> _Work request_
What you return must match the entries word for word, minus the pictures.
***
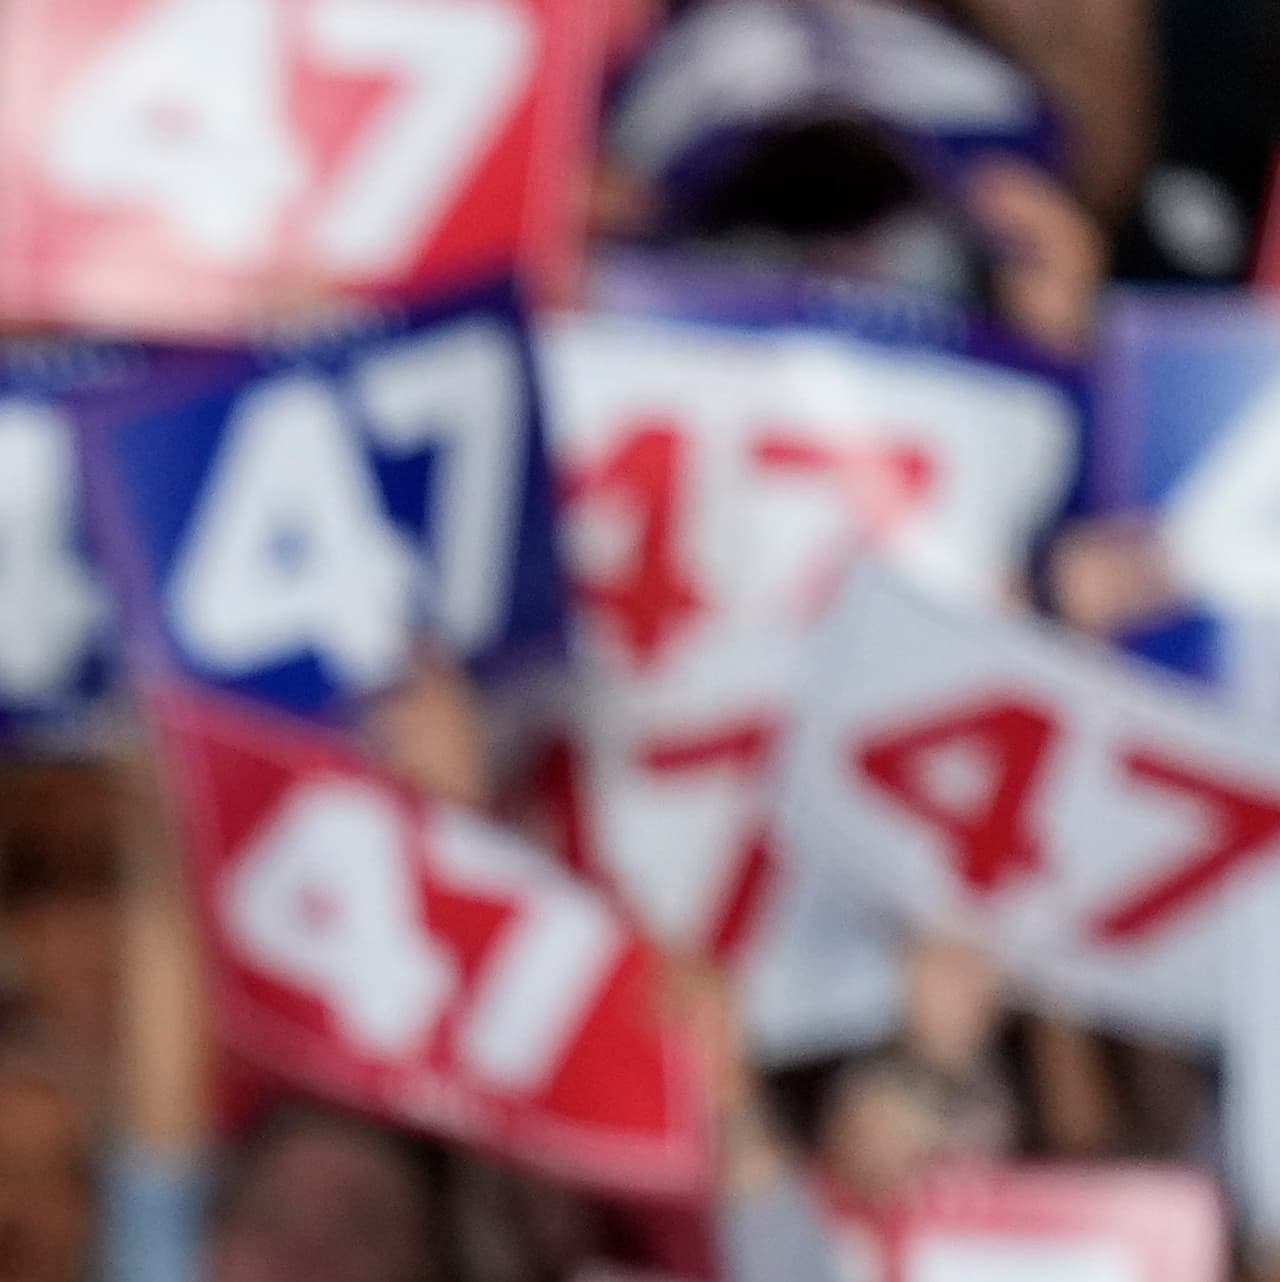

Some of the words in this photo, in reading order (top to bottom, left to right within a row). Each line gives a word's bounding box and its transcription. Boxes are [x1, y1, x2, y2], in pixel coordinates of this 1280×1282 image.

[50, 0, 535, 268] 47
[168, 315, 528, 695] 47
[220, 775, 630, 1105] 47
[850, 690, 1280, 950] 47
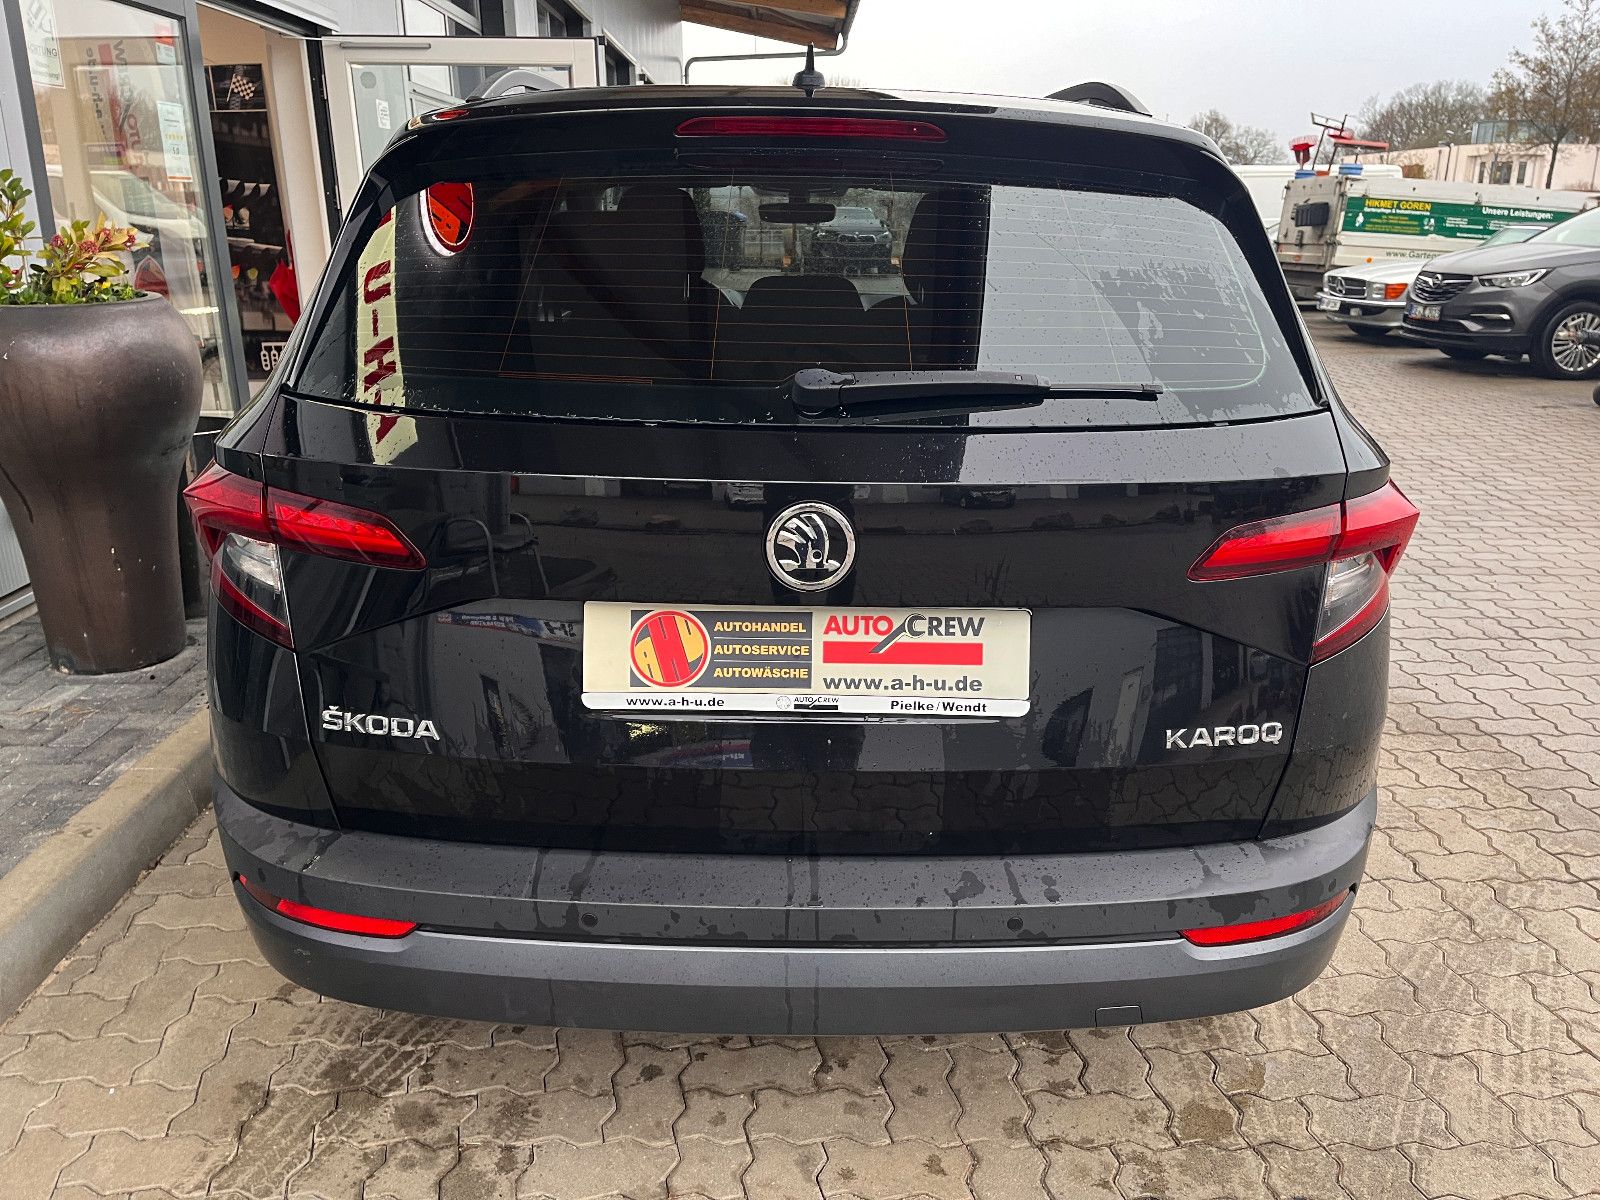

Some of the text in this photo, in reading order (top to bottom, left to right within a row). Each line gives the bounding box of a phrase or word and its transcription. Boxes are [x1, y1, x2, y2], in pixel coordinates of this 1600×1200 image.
***
> _Reply_
Some of the words in this photo, in reading order (top to bottom, left to right within a row). Each line gives a word's bounding box and its transcription. Boxes are [x1, y1, x2, y2], in pixel coordinates of this 1280×1282 image.

[50, 0, 535, 268] 47
[168, 315, 528, 695] 47
[220, 775, 630, 1105] 47
[850, 690, 1280, 950] 47

Some of the text in this photo, in reading order (top to bottom, left to right within a row). Each line gives the bounding box of a phrase or word and its transcription. Boxes are [x1, y1, x2, y2], in pixel coordinates of this 1600×1200 image.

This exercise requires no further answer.